RAY, ROI AND REI

22.7K 870 46
                                    

Arkan menatap satu persatu anaknya serius

Ups! Gambar ini tidak mengikuti Pedoman Konten kami. Untuk melanjutkan publikasi, hapuslah gambar ini atau unggah gambar lain.

Arkan menatap satu persatu anaknya serius. Tatapannya memicing, menghunus, ketiga anaknya yang tengah memberikan reaksi tubuh yang berbeda-beda.

Ray, dengan tampang santai sekali, menyandarkan tubuh di badan sofa serta kaki kanan yang ditaruh di atas kaki kiri.

Roi, dia malas disidang oleh Papanya. Tanpa takut, Roi menatap Papanya tajam dengan tangan bersedekap.

Sedangkan Rei nampak tegang dengan keringat di pelipis. Bibirnya tak berhenti komat-kamit.

"Cepetlah, Pa. Pengen keluar sama temen-temen, nih," ketus Roi memutar bola mata malas.

Sudah terhitung 1 jam Arkan mengumpulkan anaknya. Tapi tak kunjung berbicara. Sedari pulang sekolah tadi, sampai belum sempat mengganti seragam, Arkan menyuruh mereka kumpul.

"Ke mana?" tanya Arkan.

"Cafe kayak biasanya," balas Roi sekenanya.

"Kalian sudah besar. Lima belas tahun, pikiran kalian harus sudah mulai matang," tegas Arkan memulai tujuannya mengumpulkan ketiga anaknya.

"Kalian penerus usaha Papa yang turun temurun dari Grandpa, jika kalian mampu. Kalau kalian tidak mau juga terserah. Tapi Papa harap, terutama kalian berdua, Ray dan Roi, bisa nerusin usaha Papa."

"Iya tau," sewot Roi.

"Roi, jangan sampai Papa bunuh kamu," sinis Arkan melirik Roi tajam.

"Maaf," jawab Roi malas.

"Langsung ke inti aja, Pa. Papa mau ngomong apa?" tanya Ray masih punya sopan santun.

"Untuk Ray dan Roi, Papa harap kalian lulus dengan nilai yang memuaskan. Memuaskan bukan berarti harus menjadi terbaik, Papa harap kalian paham," papar Arkan serius "Roi, jangan aneh-aneh kalau kamu keluar sama teman-teman," peringat Arkan untuk Roi saja.

"Gak aneh-aneh, bukan Roi namanya," seloroh Roi santai sekali. Keras kepala bila dinasehati membuat Arkan mendelik. Roi langsung tersenyum kikuk.

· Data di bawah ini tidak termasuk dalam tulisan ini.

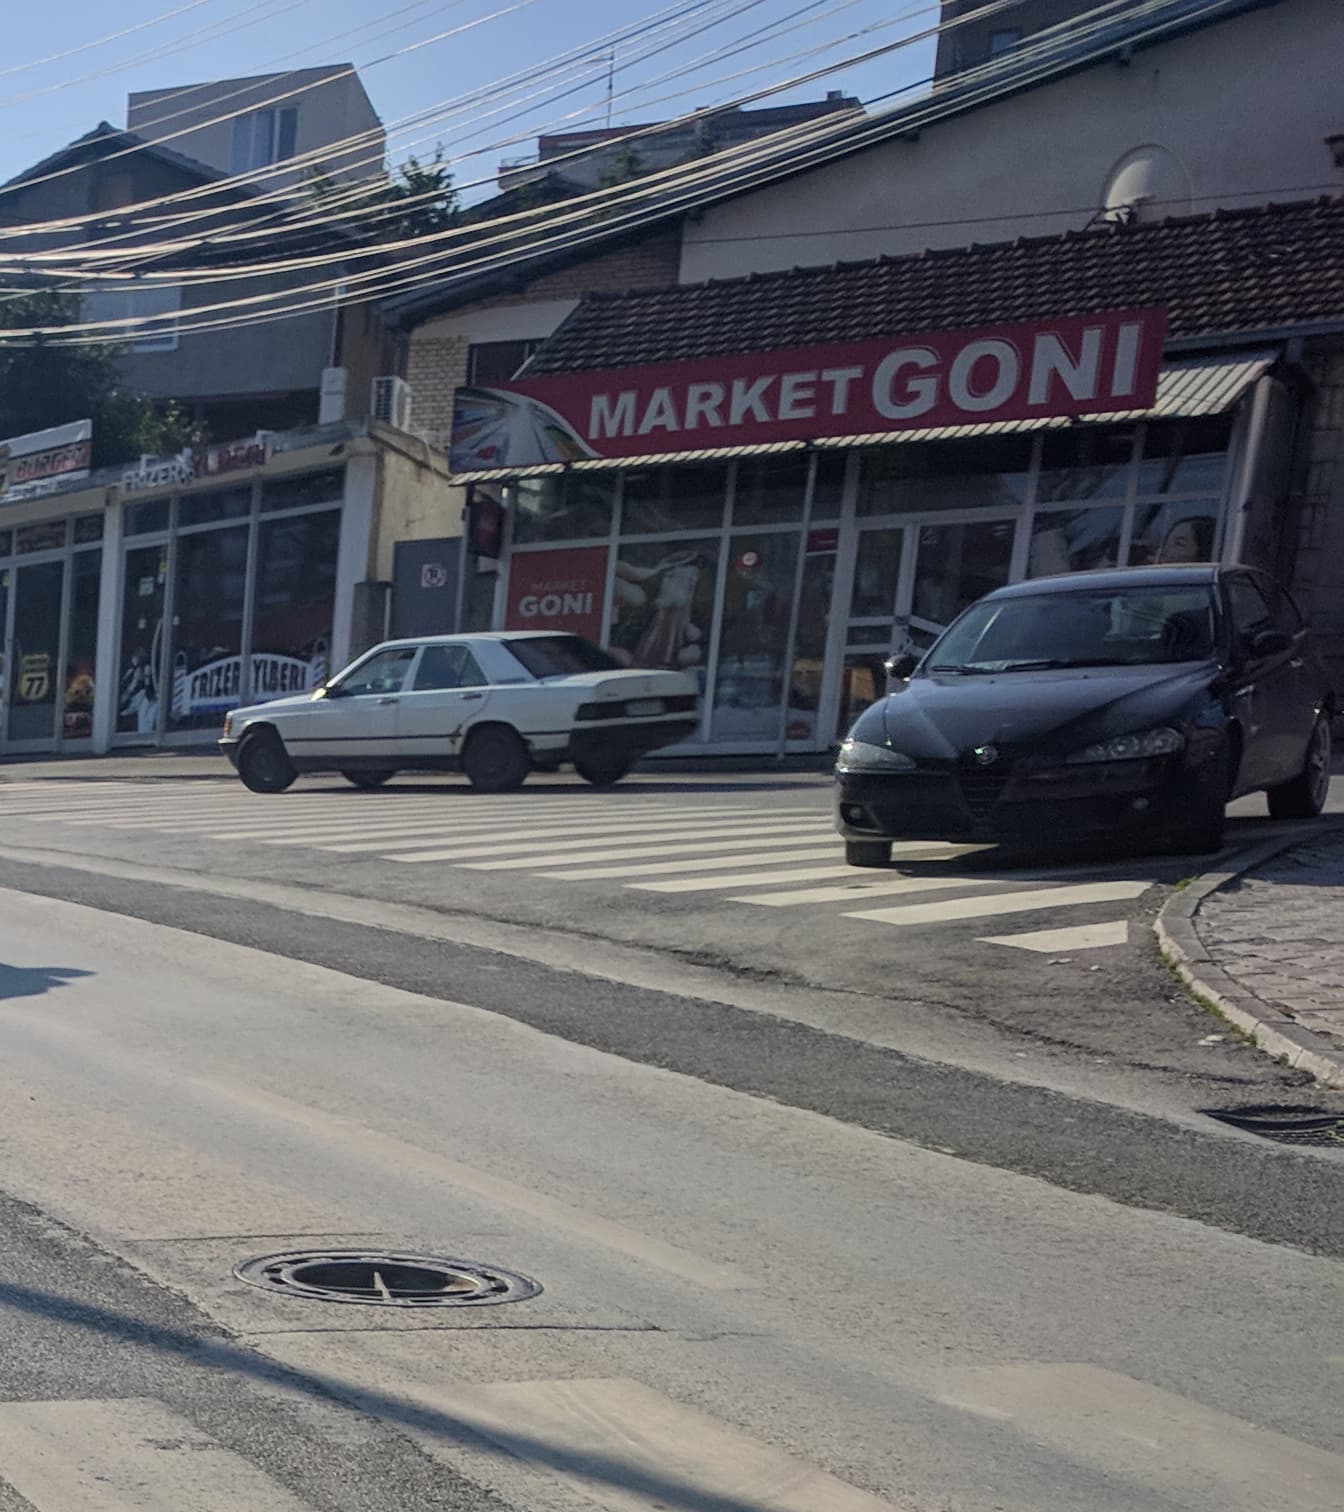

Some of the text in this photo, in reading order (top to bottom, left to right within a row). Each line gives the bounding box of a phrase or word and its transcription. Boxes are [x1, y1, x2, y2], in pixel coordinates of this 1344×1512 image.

[589, 320, 1142, 440] MARKET GONI
[518, 593, 592, 618] GONI
[191, 659, 307, 699] FRIZER YLBERI

"Untuk Rei, Papa enggak menuntut kamu untuk bisa seperti kedua kembaran kamu. Kalau kamu unggul di bidang seni menggambar dan melukis, silahkan dikembangkan. Papa akan beri fasilitas yang lebih baik jika kamu berhasil di bidang itu," papar Arkan dikhususkan untuk Rei. Mengetahui karakter otak Rei yang loadingnya lama masalah mata pelajaran.

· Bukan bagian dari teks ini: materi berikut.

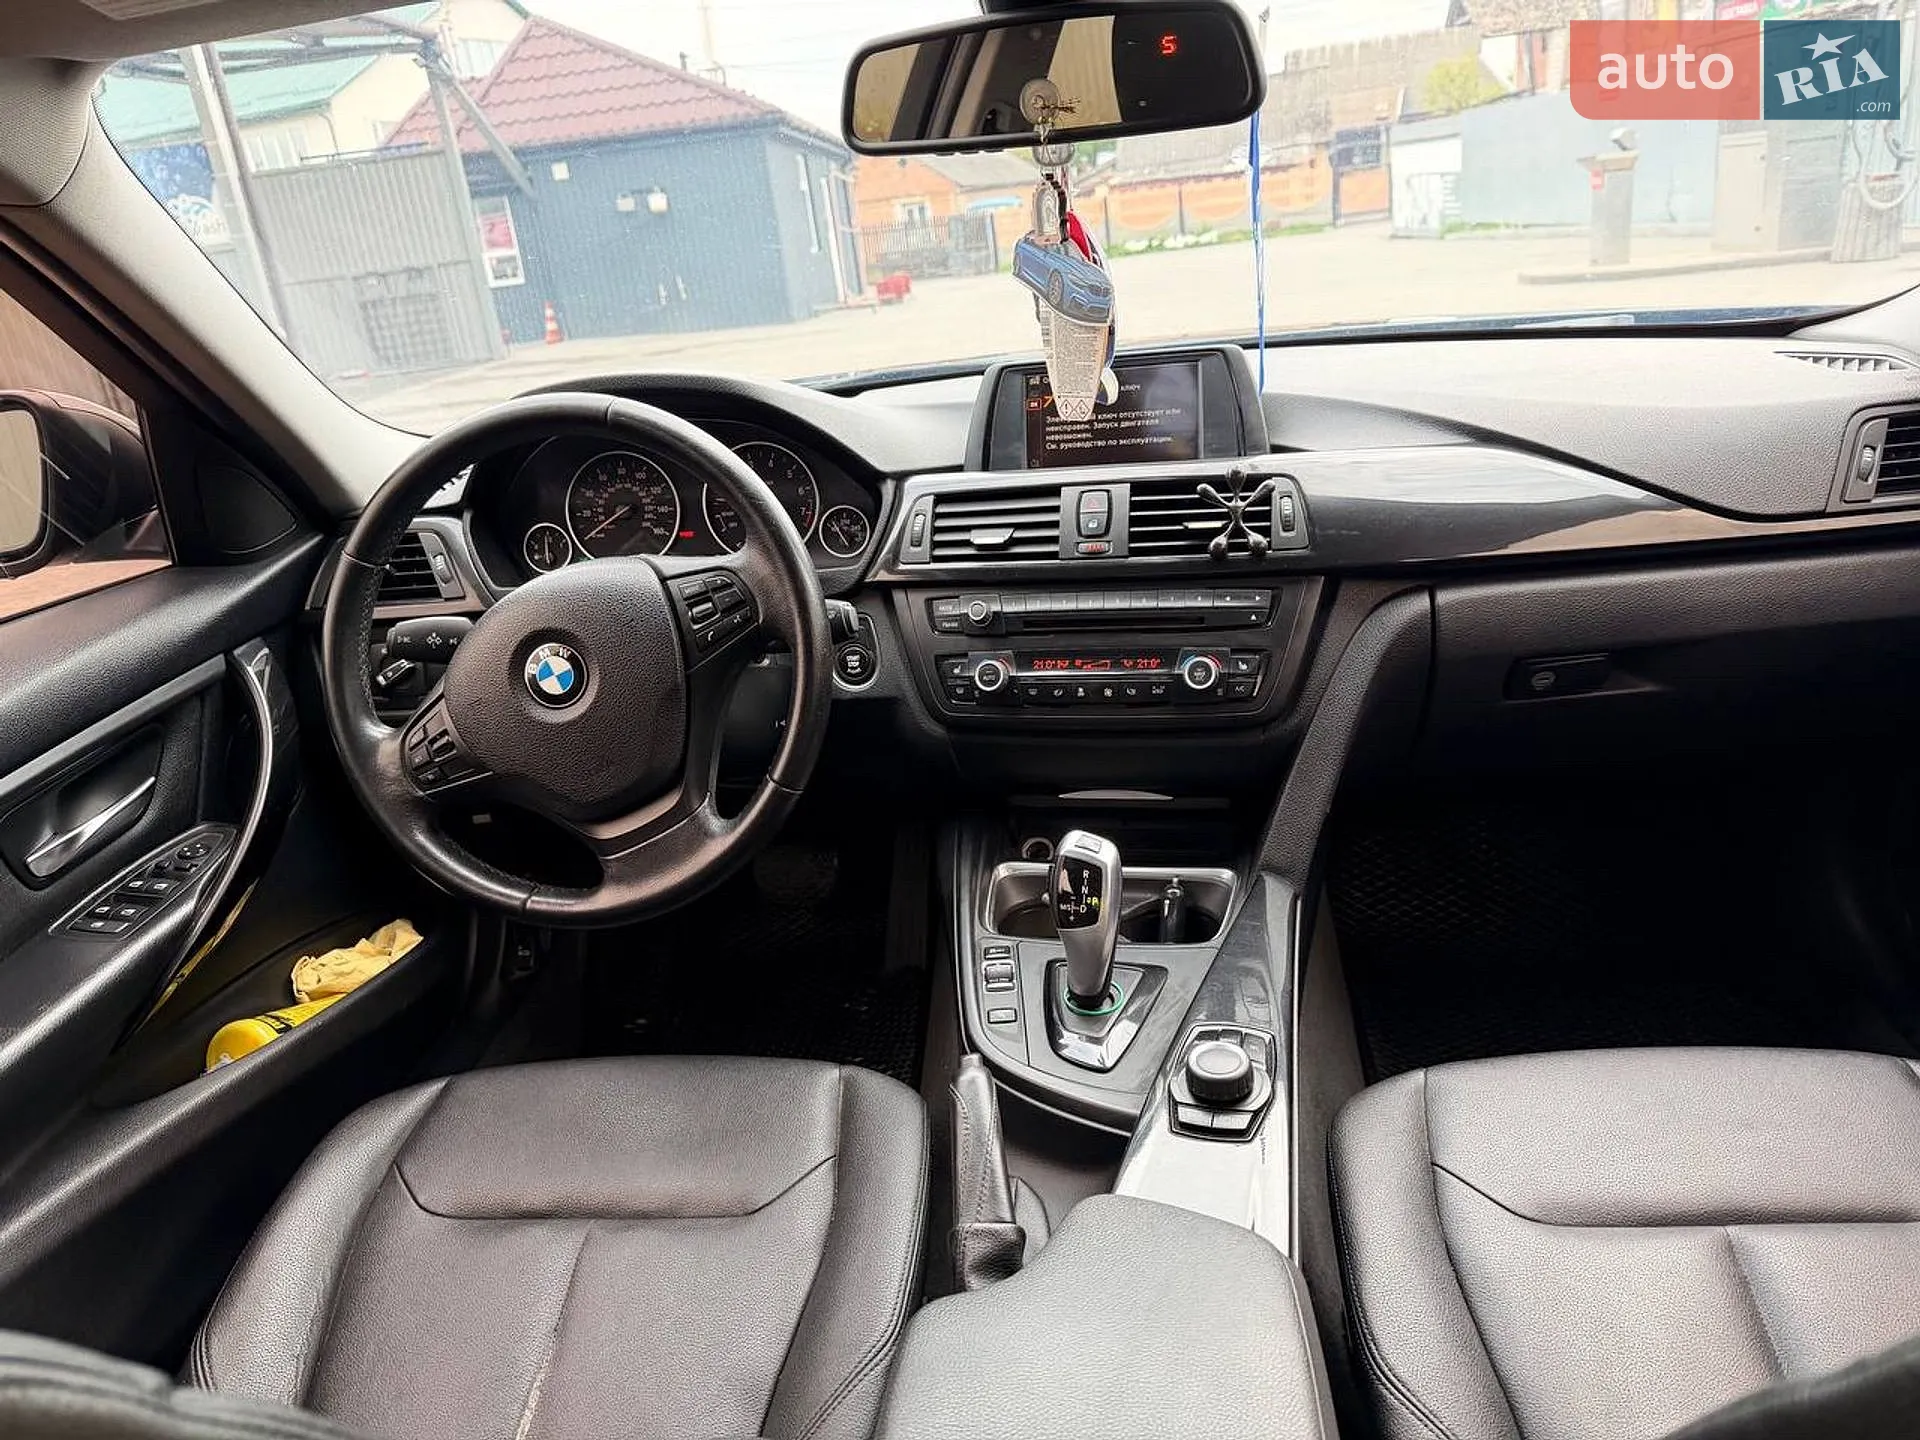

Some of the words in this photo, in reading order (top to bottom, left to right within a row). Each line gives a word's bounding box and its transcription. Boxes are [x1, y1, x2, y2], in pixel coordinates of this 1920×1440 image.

"Tapi kalau nilai Rei jelek, Papa sama Mama pasti kecewa," keluh Rei sedih.

"Lo beda. Yang penting lo udah bisa berprestasi dengan bakat lo itu, Papa sama Mama bangga," sahut Roi menimpali.

Arkan mengangguk setuju.

Roi berujar lagi, "Kayak gue, dong. Walaupun nakal, biang onar, tapi tetep pede jadi orang."

"Lo emang harusnya dibuang, sih, dari keluarga ini," sindir Ray lancar jaya.

Roi menoleh ke samping kiri. Menatap Ray sinis. "Apa lo bilang?! Lo nantang gue? Yuk, gelut langsung sini!"